Henry Cheng, Toronto General Research Institute
Supervisors:
Mansoor Husain, Toronto General Research Institute
Jason Fish, Toronto General Research Institute
This proposal addresses two priorities of the Vascular Network: “Development of robust preclinical models of vascular cognitive impairment (VCI)” and “Identifying targets for early detection strategies for populations at high risk for vascular diseases”. Epidemiology has revealed that cardiovascular diseases, such as diabetes, are associated with VCI. While enhanced cerebrovascular inflammation in diabetics likely plays a contributing role in the development of VCI, this is difficult to assess in a non-invasive fashion. Identifying patients at risk for VCI may enable interventions to slow disease progression. Sadly, circulating markers that are specific for VCI are not available. This proposal will utilize a mouse model of type-2 diabetes (T2D), which develops VCI pathology that is similar in many respects to human disease. I will assess circulating microvesicles (MVs) and their microRNA (miR) contents during the course of VCI progression in this model to identify novel markers of the early stages of the disease.
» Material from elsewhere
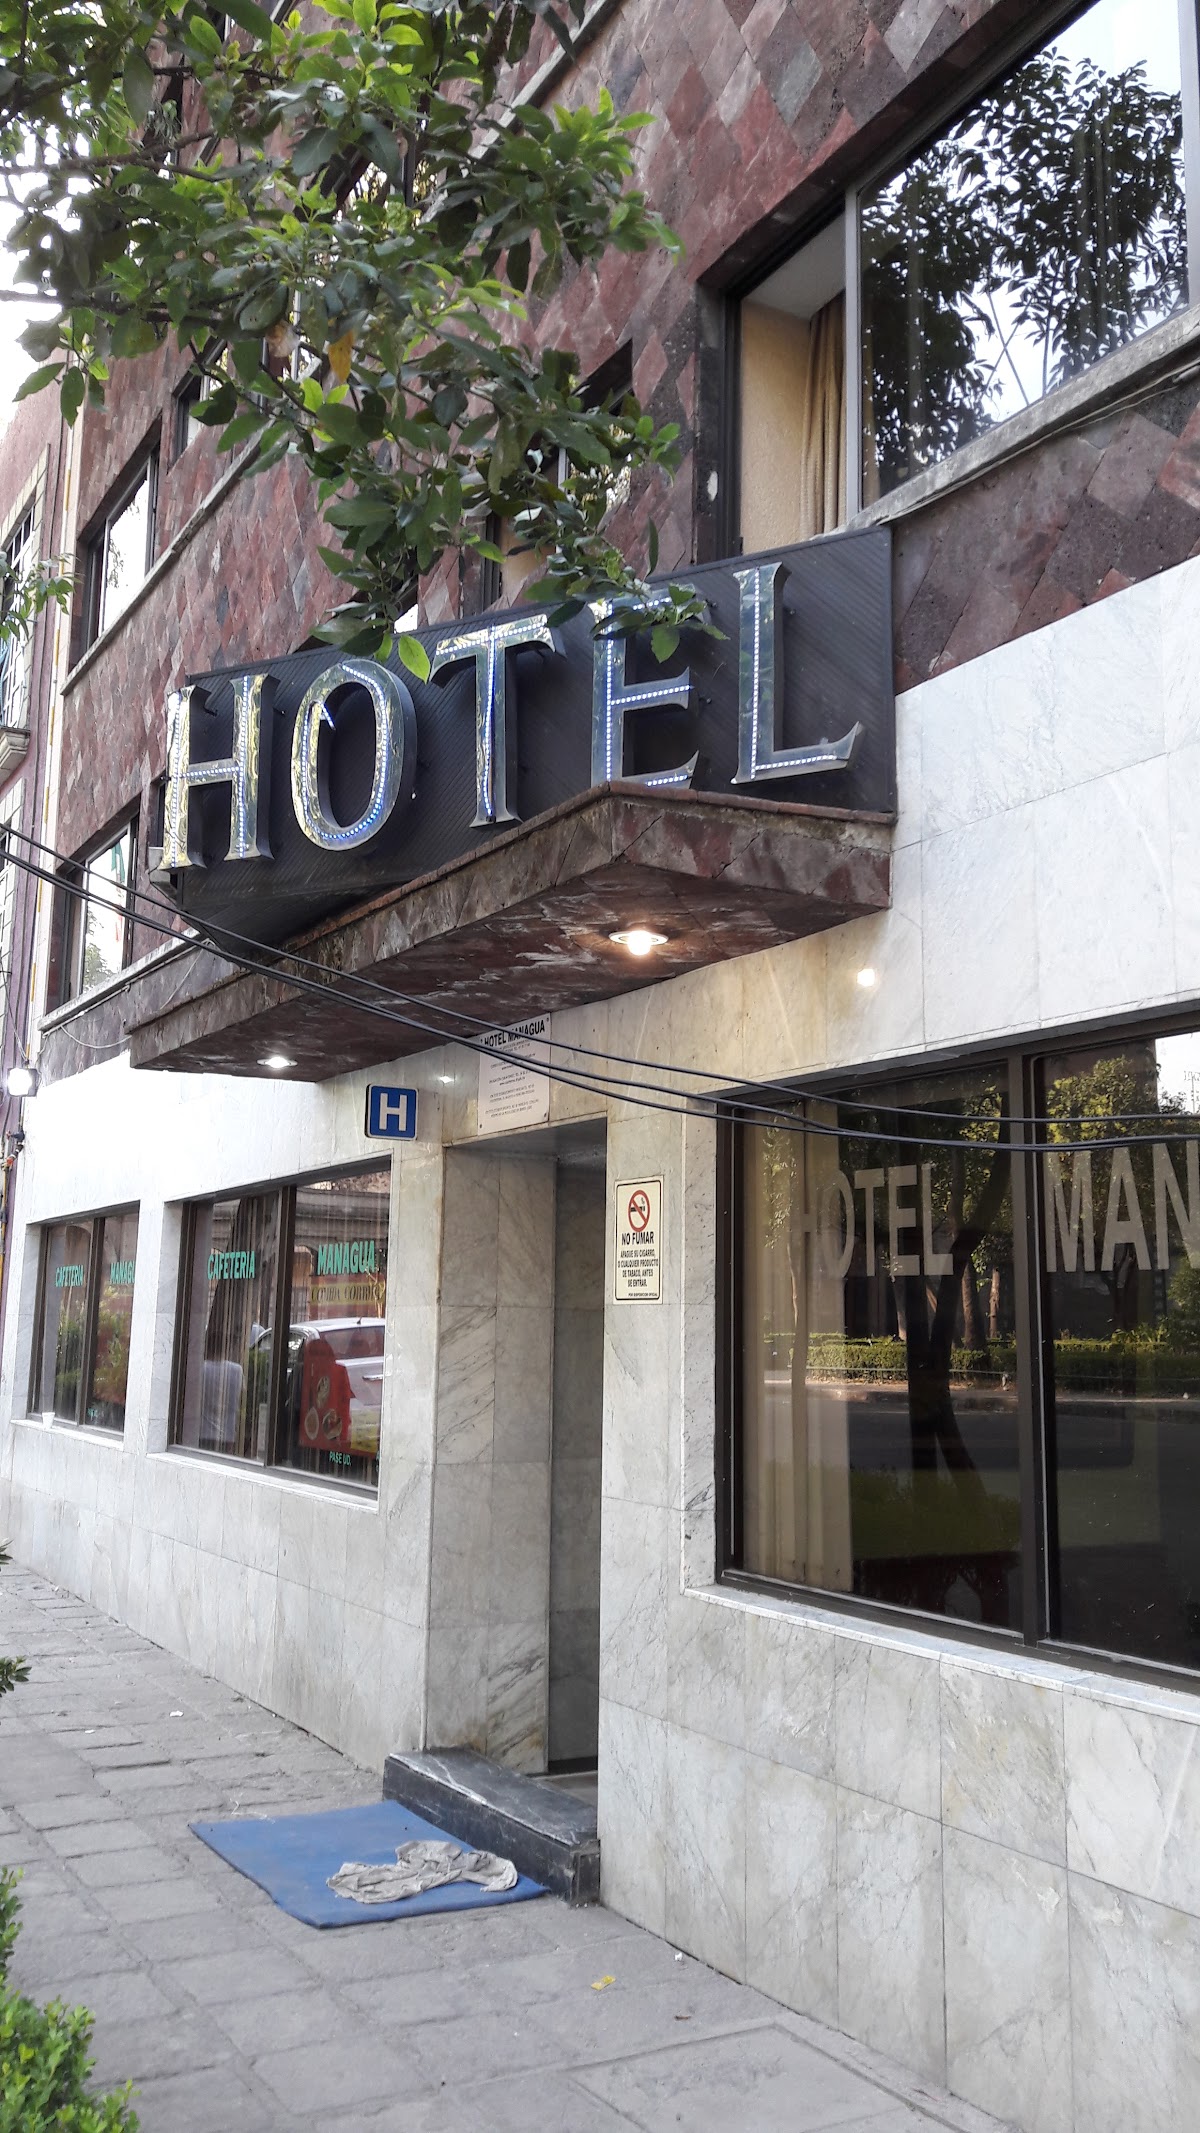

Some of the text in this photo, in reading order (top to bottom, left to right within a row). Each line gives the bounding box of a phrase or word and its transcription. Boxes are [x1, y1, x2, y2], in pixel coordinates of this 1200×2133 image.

I recently obtained intriguing data that demonstrate that circulating MVs are anti-inflammatory in healthy mice, which is mediated in part by the transfer of anti-inflammatory miRs to recipient cells (e.g. endothelial cells and monocytes). I have developed a robust assay to assess the function of MVs that can be utilized to determine whether the anti-inflammatory function of MVs is compromised in mouse models of VCI. Importantly, I have found that MVs isolated from mice with advanced cardiovascular disease lose their anti-inflammatory properties, but the relationship between this observation and development of VCI is not known. This project will combine the expertise of the Husain lab in murine diabetic disease models with the expertise of the Fish lab in the analysis of MVs and miR function. The proposed studies will allow us to explore whether circulating MVs/miRs might be useful functional markers of VCI.